**WORK INSTRUCTIONS**
Your task is to reproduce, exactly and only, the lines running from the line containing "this 1500×1000 image." to the end of the data below, both included.

**SUPPLIED RECORDS**
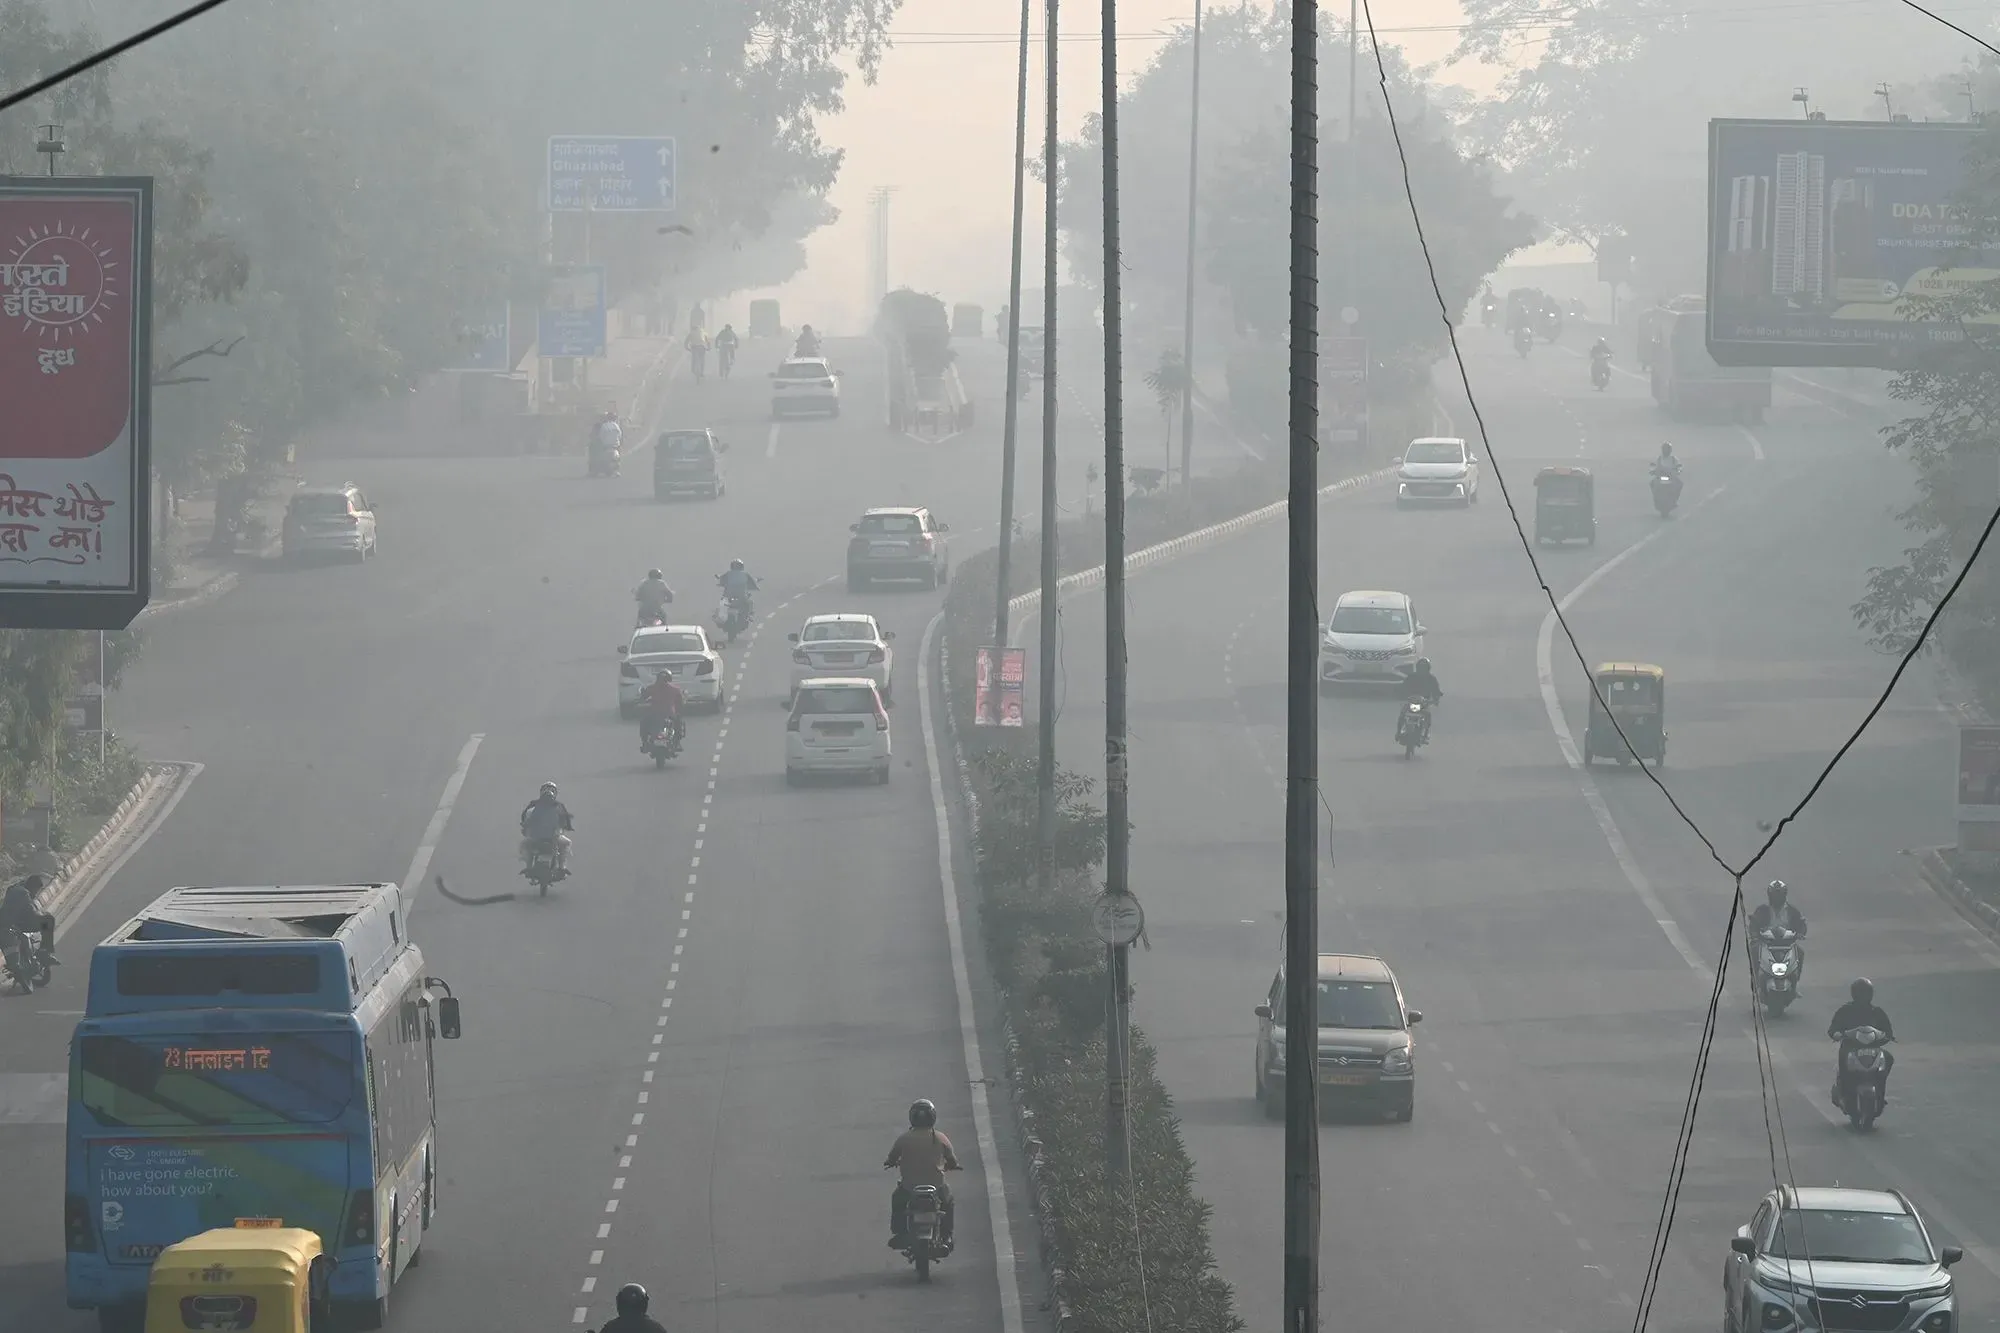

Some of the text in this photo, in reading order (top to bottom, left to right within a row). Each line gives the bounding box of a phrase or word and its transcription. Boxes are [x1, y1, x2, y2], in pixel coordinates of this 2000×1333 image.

[552, 160, 625, 172] Ghaziabad
[602, 194, 638, 206] Vihar
[1891, 203, 1933, 219] DDA
[2, 287, 86, 317] इंडिया
[37, 347, 75, 374] दूध
[108, 1167, 142, 1182] have
[145, 1169, 181, 1183] gone
[183, 1165, 240, 1180] electric.
[101, 1182, 213, 1198] how about you?
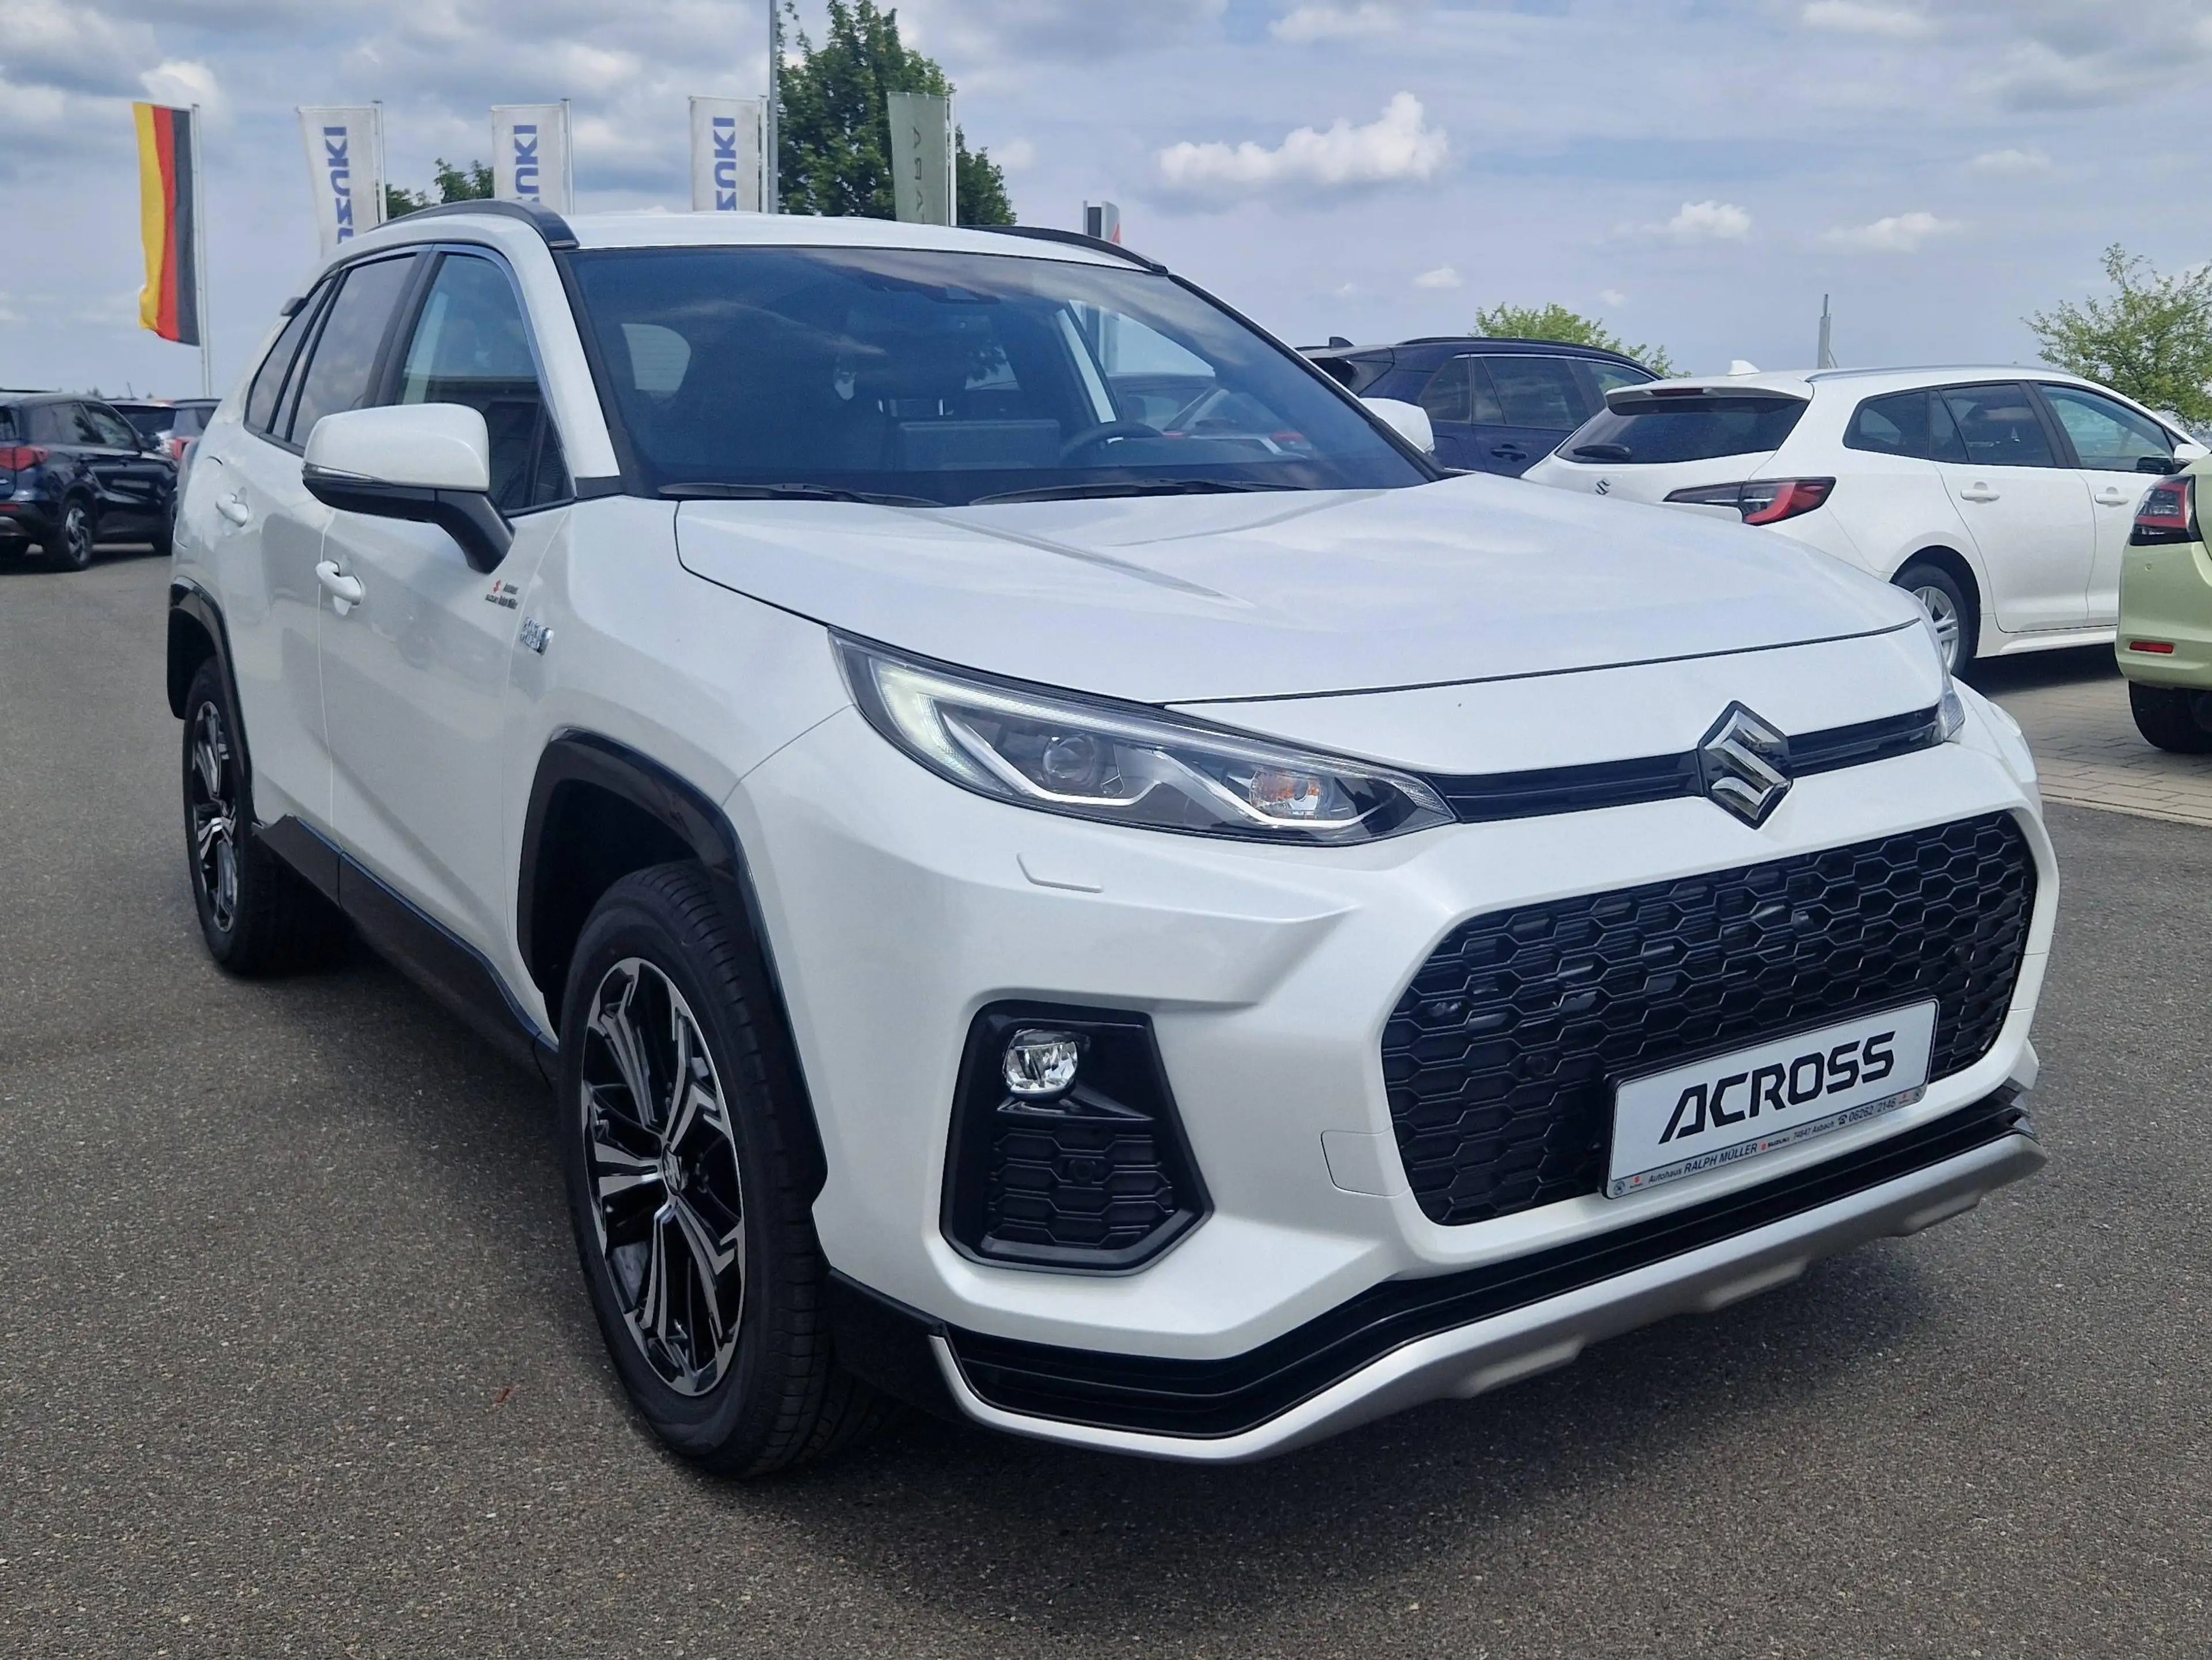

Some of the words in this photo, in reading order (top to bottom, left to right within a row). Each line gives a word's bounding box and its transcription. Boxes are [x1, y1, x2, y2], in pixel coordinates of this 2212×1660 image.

[1658, 1031, 1896, 1145] ACROSS
[1648, 1167, 1682, 1183] Autohaus
[1683, 1155, 1718, 1174] RALPH
[1719, 1143, 1758, 1163] MÜLLER
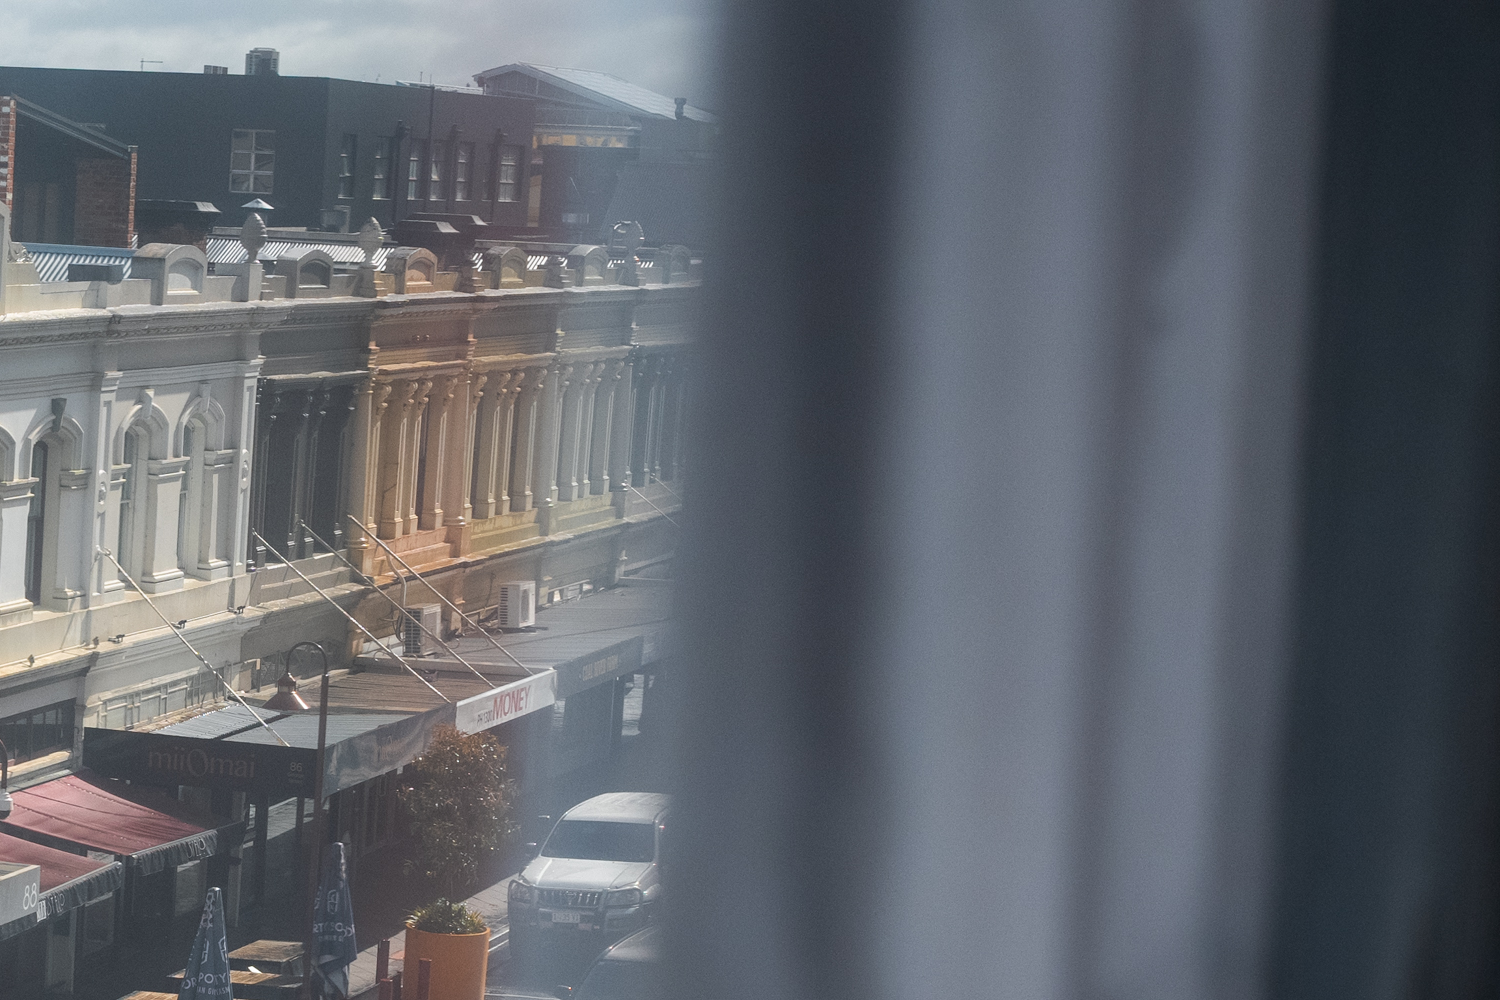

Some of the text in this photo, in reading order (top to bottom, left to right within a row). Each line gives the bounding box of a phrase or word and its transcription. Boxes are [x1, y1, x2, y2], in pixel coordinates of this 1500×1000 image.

[492, 685, 531, 720] MONEY
[289, 761, 303, 772] 86
[22, 882, 37, 911] 88

**EXERCISE ANSWER**
Some of the text in this photo, in reading order (top to bottom, left to right within a row). Each line gives the bounding box of a phrase or word and its transcription. Boxes are [x1, y1, x2, y2], in pixel coordinates of this 1500×1000 image.

[492, 685, 531, 720] MONEY
[289, 761, 303, 772] 86
[22, 882, 37, 911] 88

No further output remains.